Pakistan’s State Bank unveils new AML/CFT regulations for Forex Firms

  • Richard Marley
  • January 01, 2020
  • 2 minutes read
  • 2801

State Bank of Pakistan on Tuesday amended Anti-money laundering (AML) and Counter Financing of terrorism (CFT) related regulations in foreign exchange companies manual 2018 to further align them with the FATF action plan.

The global finance watchdog is going to announce its decision regarding the country’s deficiencies in AML/CFT laws.

“Exchange Companies shall take steps to ensure that there AML/CFT policies adhere to FATF regulations,” the SBP said. To achieve this, their policies, SOPs, compliance programs, and delivery channels will be monitored on an ongoing basis by the board of directors.
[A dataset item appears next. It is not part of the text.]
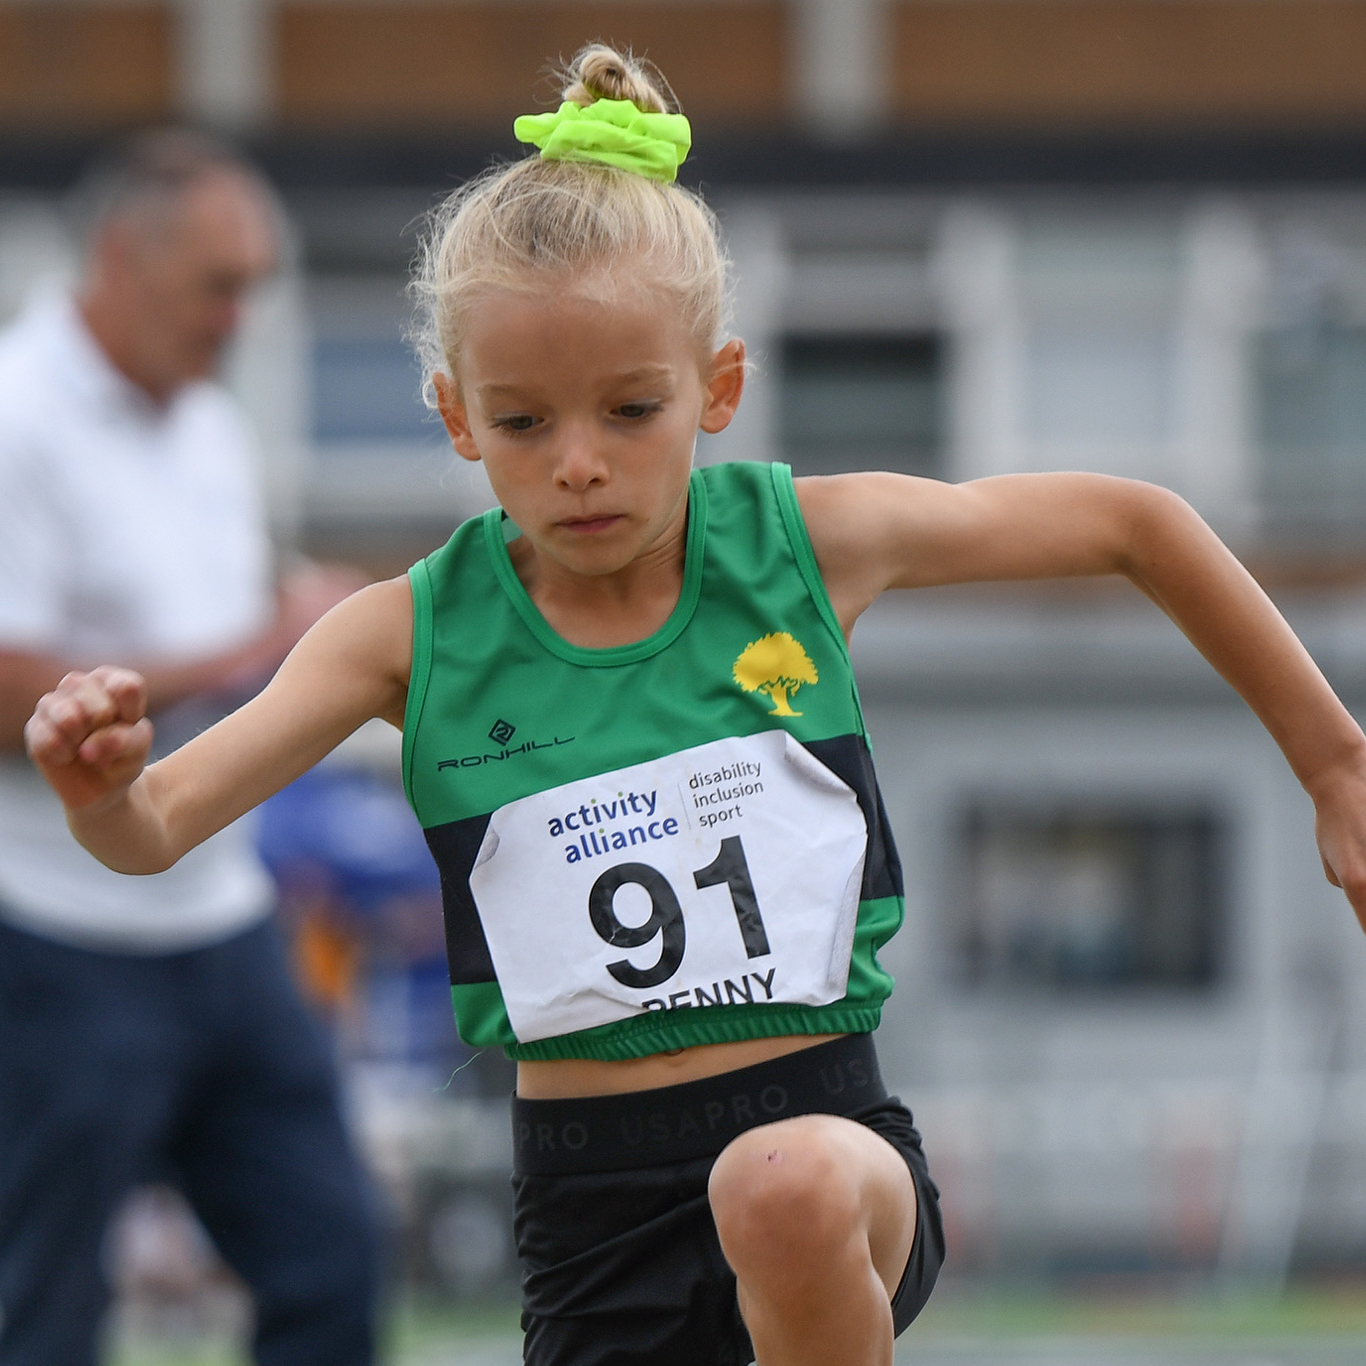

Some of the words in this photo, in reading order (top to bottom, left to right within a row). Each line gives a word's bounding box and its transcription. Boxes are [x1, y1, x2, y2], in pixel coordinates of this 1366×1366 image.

Foreign Exchange companies are further required to identify the customers and verify their identity on the basis of authentic documents, data or information. The need to identify if there is a beneficial owner who isn’t the customer.

For exchanging any foreign currency equal to, or below, the threshold of USD 500, exchange firms may resort to normal customer due diligence, wherein details like name and number of identity documents should be obtained at the minimum if there are no circumstances of a suspicious transaction.

According to the amendments by SBP, Forex firms shall employ automated systems for customer risk profiling, AML screening, and transaction monitoring. Moreover, the firms are required to take appropriate measures to manage and eliminate any risk that may arise afterward.